▸ RECORDS FOR THE EXERCISE:
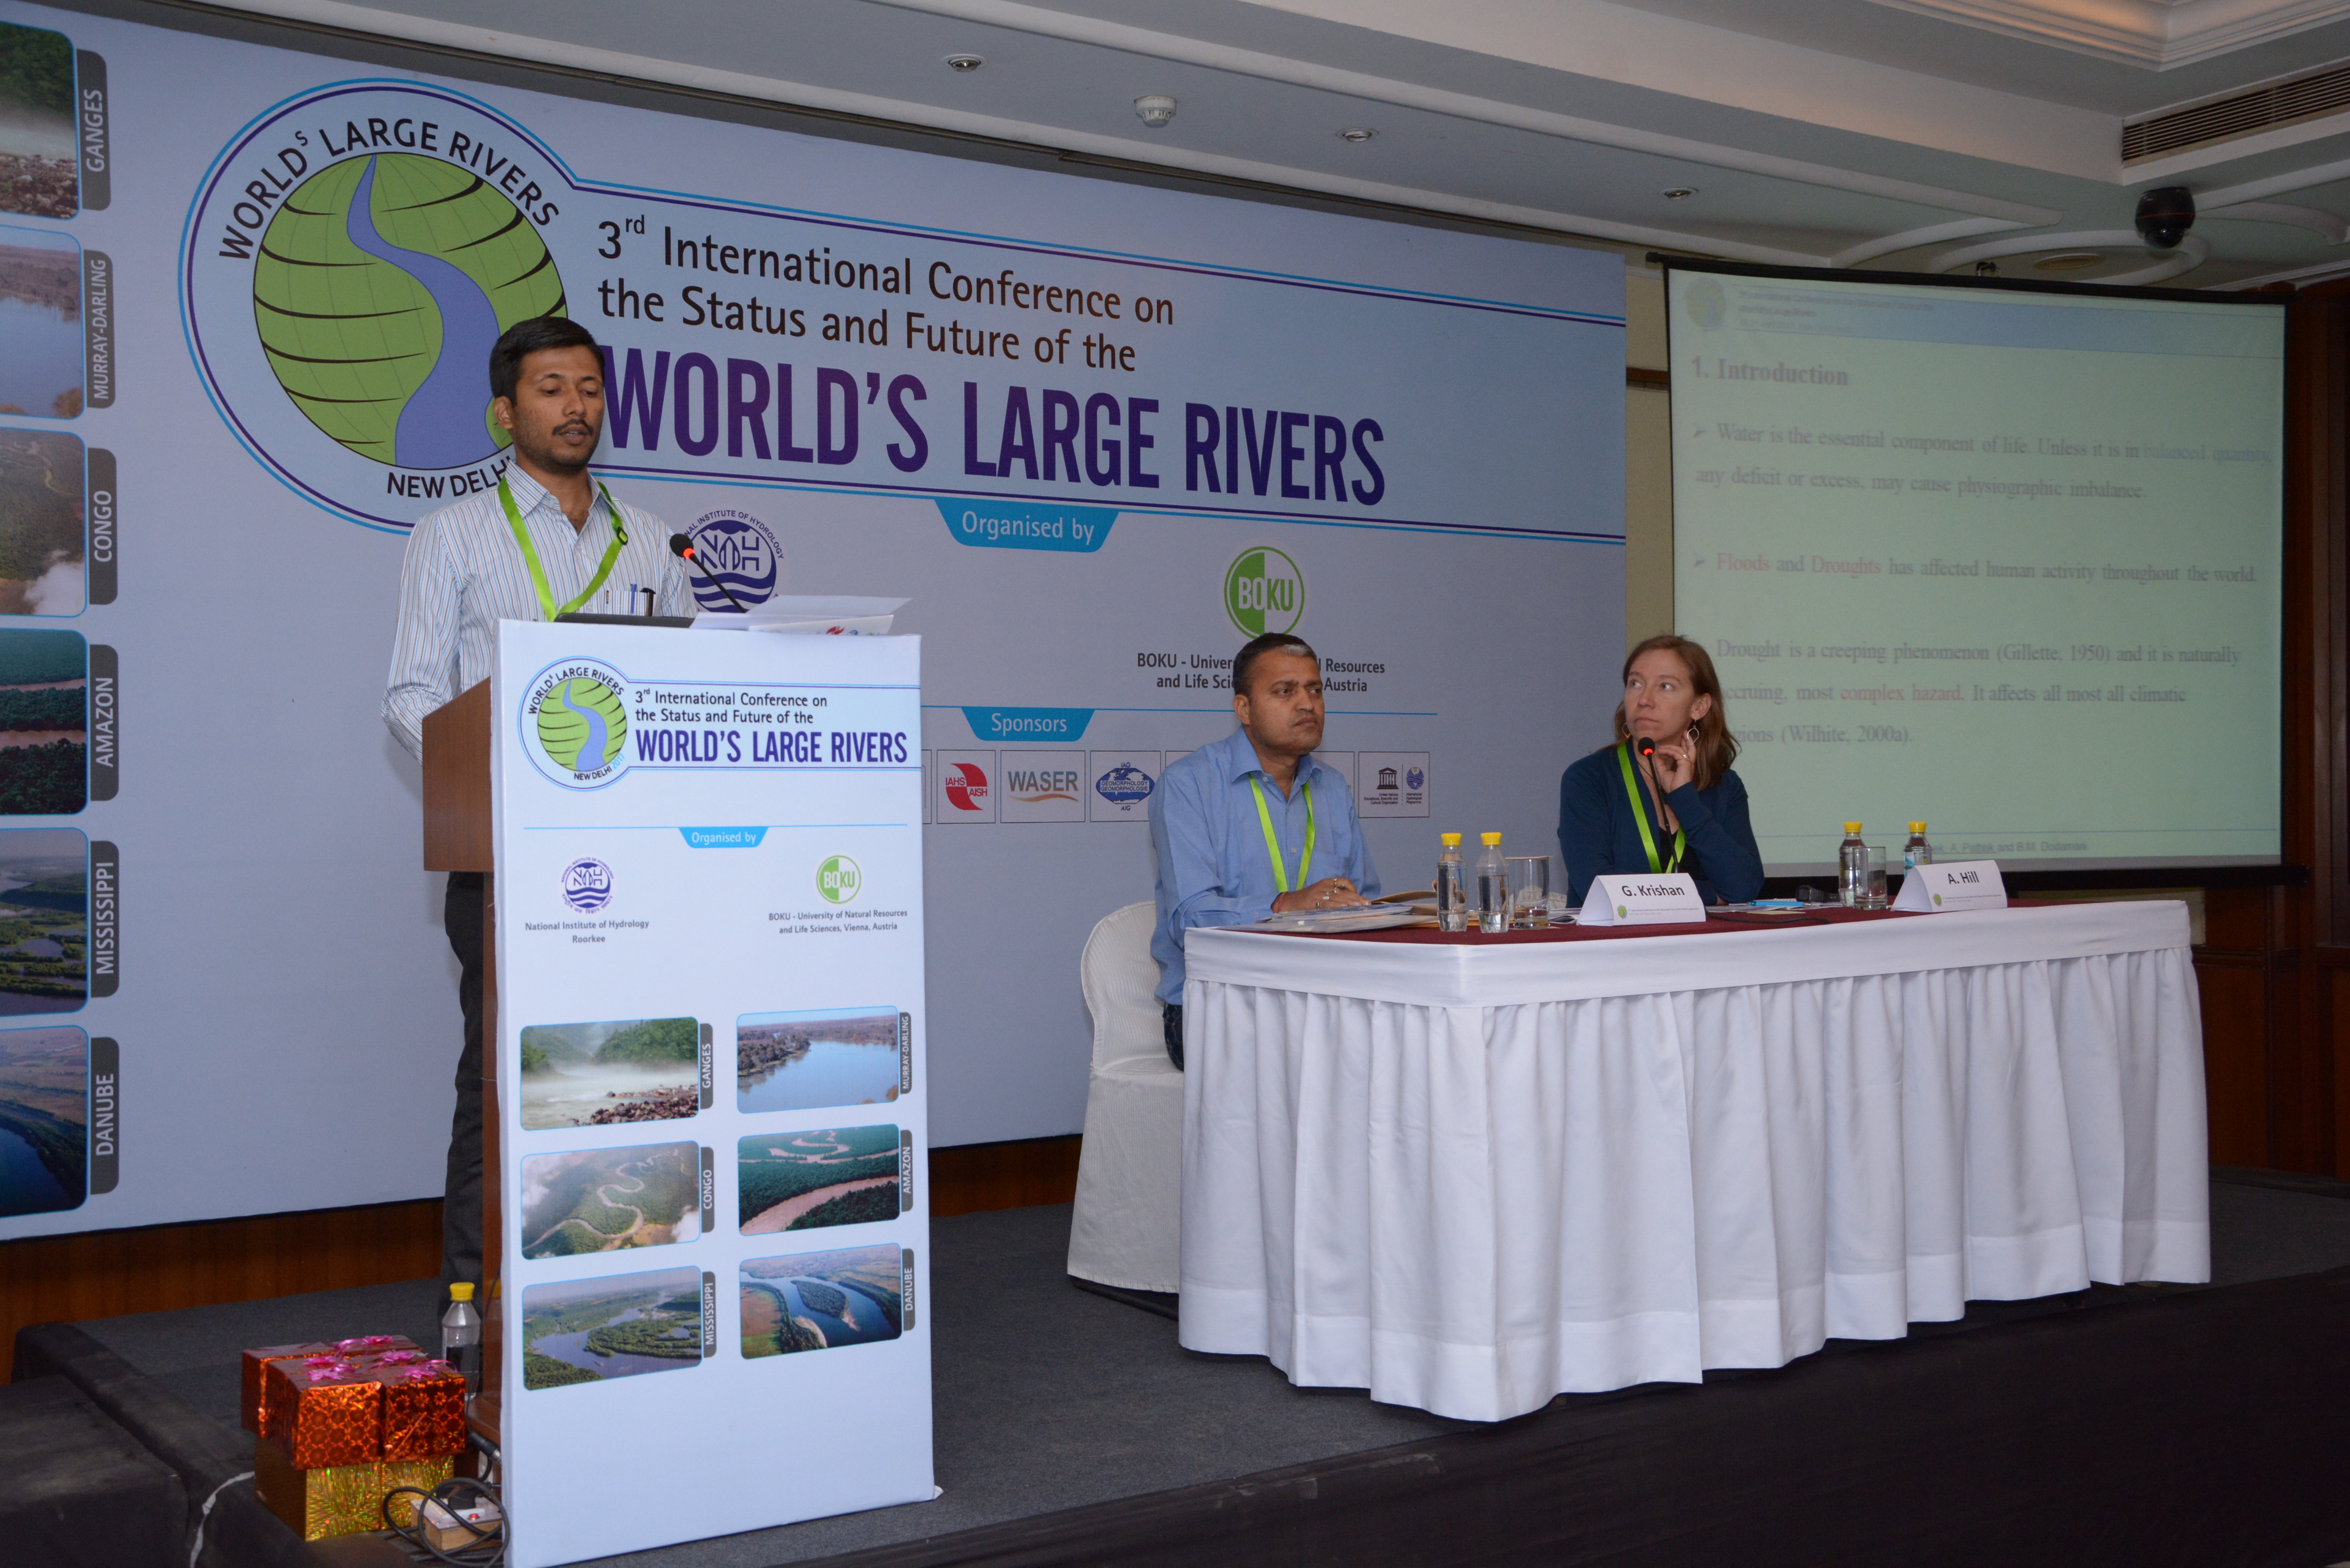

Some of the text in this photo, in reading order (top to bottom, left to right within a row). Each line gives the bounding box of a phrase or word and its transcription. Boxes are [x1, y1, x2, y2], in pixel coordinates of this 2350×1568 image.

[84, 88, 105, 172] GANGES
[319, 118, 438, 157] LARGE
[449, 131, 559, 225] RIVERS
[598, 215, 1173, 325] 3rd International Conference on
[91, 259, 109, 399] MURRAY-DARLING
[598, 278, 1136, 372] the Status and Future of the
[1691, 355, 1848, 386] 1. Introduction
[601, 345, 1385, 506] WORLD'S LARGE RIVERS
[1717, 423, 1764, 442] Water
[1771, 425, 1783, 443] is
[1788, 426, 1812, 444] the
[1818, 430, 1884, 448] essential
[1891, 435, 1974, 454] component
[1982, 436, 1997, 453] of
[2038, 437, 2087, 456] Unless
[2093, 440, 2103, 456] it
[2108, 441, 2119, 457] is
[2125, 442, 2139, 459] in
[387, 472, 444, 498] NEW
[1695, 467, 2146, 499] any deficit or excess, may cause physiographic imbalance.
[94, 490, 112, 562] CONGO
[697, 510, 736, 525] INSTITUTE
[750, 516, 784, 559] HYDROLOGY
[963, 511, 1094, 546] Organised by
[1717, 553, 2257, 585] Floods and Droughts has affected human activity throughout the world.
[1238, 577, 1293, 612] BOKU
[1137, 653, 1177, 668] BOKU
[1326, 658, 1385, 673] Resources
[1717, 639, 2240, 667] Drought is a creeping phenomenon (Gillette, 1950) and it is naturally
[555, 667, 589, 681] LARGE
[592, 670, 624, 695] RIVERS
[1157, 674, 1180, 688] and
[1185, 674, 1208, 688] Life
[1324, 678, 1367, 692] Austria
[1724, 683, 2186, 705] ccruing, most complex hazard. It affects all most all climatic
[636, 688, 827, 707] 3rd International Conference on
[96, 677, 113, 767] AMAZON
[636, 709, 813, 724] the Status and Future of the
[992, 712, 1067, 736] Sponsors
[636, 729, 907, 763] WORLD'S LARGE RIVERS
[1857, 725, 1913, 744] 2000a).
[574, 753, 625, 780] NEW DELHI 2017
[946, 777, 965, 786] IAHS
[1008, 771, 1078, 792] WASER
[969, 788, 987, 797] AISH
[692, 832, 756, 845] Organised by
[824, 871, 855, 889] BOKU
[1621, 884, 1685, 896] G. Krishan
[1948, 871, 1979, 884] A. Hill
[96, 862, 114, 974] MISSISSIPPI
[525, 922, 560, 930] National
[609, 920, 649, 929] Hydrology
[798, 912, 833, 920] University
[810, 925, 842, 933] Sciences,
[702, 1043, 711, 1089] GANGES
[96, 1073, 114, 1155] DANUBE
[903, 1146, 911, 1194] AMAZON
[704, 1169, 712, 1209] CONGO
[905, 1267, 913, 1311] DANUBE
[705, 1283, 714, 1346] MISSISSIPPI

▸ TRY IT: Would you output the full listing exactly as it stands, minus the images?

▸ RESULT:
Some of the text in this photo, in reading order (top to bottom, left to right within a row). Each line gives the bounding box of a phrase or word and its transcription. Boxes are [x1, y1, x2, y2], in pixel coordinates of this 2350×1568 image.

[84, 88, 105, 172] GANGES
[319, 118, 438, 157] LARGE
[449, 131, 559, 225] RIVERS
[598, 215, 1173, 325] 3rd International Conference on
[91, 259, 109, 399] MURRAY-DARLING
[598, 278, 1136, 372] the Status and Future of the
[1691, 355, 1848, 386] 1. Introduction
[601, 345, 1385, 506] WORLD'S LARGE RIVERS
[1717, 423, 1764, 442] Water
[1771, 425, 1783, 443] is
[1788, 426, 1812, 444] the
[1818, 430, 1884, 448] essential
[1891, 435, 1974, 454] component
[1982, 436, 1997, 453] of
[2038, 437, 2087, 456] Unless
[2093, 440, 2103, 456] it
[2108, 441, 2119, 457] is
[2125, 442, 2139, 459] in
[387, 472, 444, 498] NEW
[1695, 467, 2146, 499] any deficit or excess, may cause physiographic imbalance.
[94, 490, 112, 562] CONGO
[697, 510, 736, 525] INSTITUTE
[750, 516, 784, 559] HYDROLOGY
[963, 511, 1094, 546] Organised by
[1717, 553, 2257, 585] Floods and Droughts has affected human activity throughout the world.
[1238, 577, 1293, 612] BOKU
[1137, 653, 1177, 668] BOKU
[1326, 658, 1385, 673] Resources
[1717, 639, 2240, 667] Drought is a creeping phenomenon (Gillette, 1950) and it is naturally
[555, 667, 589, 681] LARGE
[592, 670, 624, 695] RIVERS
[1157, 674, 1180, 688] and
[1185, 674, 1208, 688] Life
[1324, 678, 1367, 692] Austria
[1724, 683, 2186, 705] ccruing, most complex hazard. It affects all most all climatic
[636, 688, 827, 707] 3rd International Conference on
[96, 677, 113, 767] AMAZON
[636, 709, 813, 724] the Status and Future of the
[992, 712, 1067, 736] Sponsors
[636, 729, 907, 763] WORLD'S LARGE RIVERS
[1857, 725, 1913, 744] 2000a).
[574, 753, 625, 780] NEW DELHI 2017
[946, 777, 965, 786] IAHS
[1008, 771, 1078, 792] WASER
[969, 788, 987, 797] AISH
[692, 832, 756, 845] Organised by
[824, 871, 855, 889] BOKU
[1621, 884, 1685, 896] G. Krishan
[1948, 871, 1979, 884] A. Hill
[96, 862, 114, 974] MISSISSIPPI
[525, 922, 560, 930] National
[609, 920, 649, 929] Hydrology
[798, 912, 833, 920] University
[810, 925, 842, 933] Sciences,
[702, 1043, 711, 1089] GANGES
[96, 1073, 114, 1155] DANUBE
[903, 1146, 911, 1194] AMAZON
[704, 1169, 712, 1209] CONGO
[905, 1267, 913, 1311] DANUBE
[705, 1283, 714, 1346] MISSISSIPPI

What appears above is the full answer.